ABOUT THIS EXERCISE
Without including the pictures, copy each line below exactly as it reads.

INPUT DATA

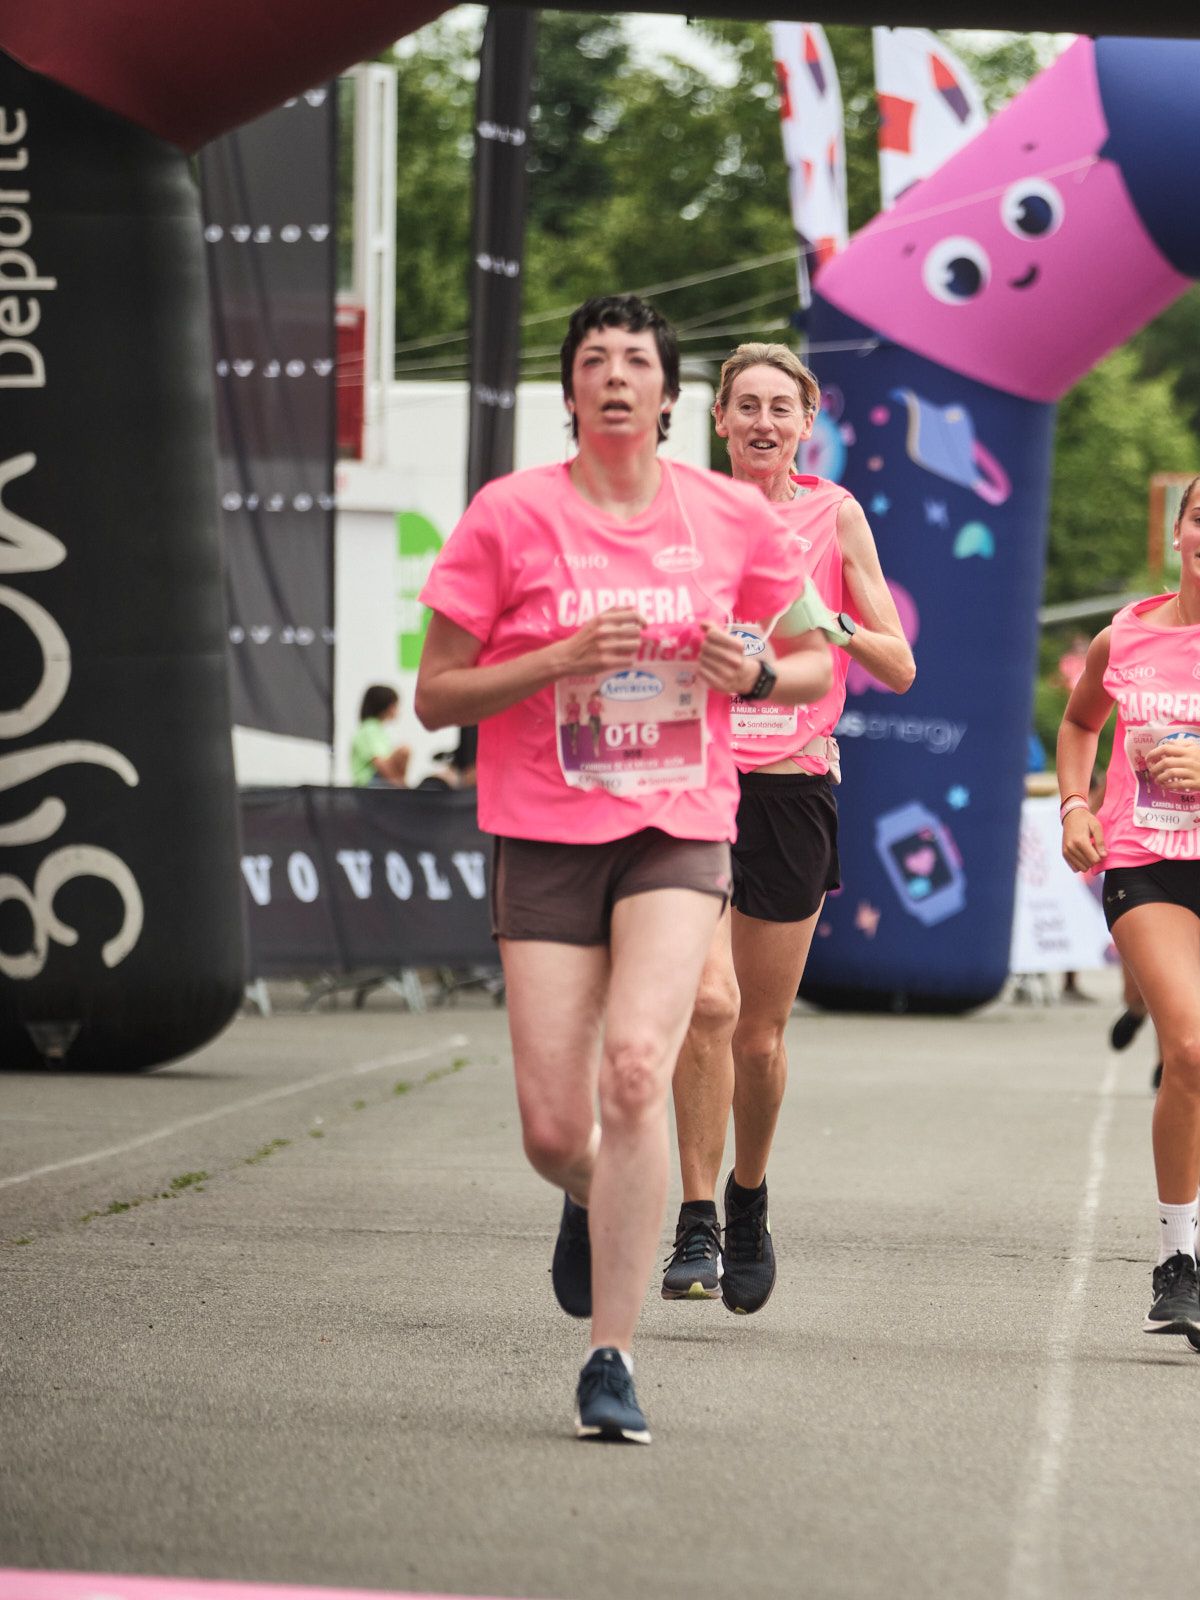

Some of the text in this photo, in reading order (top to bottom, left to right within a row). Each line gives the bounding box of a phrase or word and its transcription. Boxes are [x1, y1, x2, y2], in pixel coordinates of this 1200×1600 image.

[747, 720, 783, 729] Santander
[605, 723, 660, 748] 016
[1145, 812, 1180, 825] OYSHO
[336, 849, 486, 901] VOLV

REPLY
Some of the text in this photo, in reading order (top to bottom, left to right within a row). Each line gives the bounding box of a phrase or word and its transcription. Boxes are [x1, y1, x2, y2], in pixel coordinates of this 1200×1600 image.

[747, 720, 783, 729] Santander
[605, 723, 660, 748] 016
[1145, 812, 1180, 825] OYSHO
[336, 849, 486, 901] VOLV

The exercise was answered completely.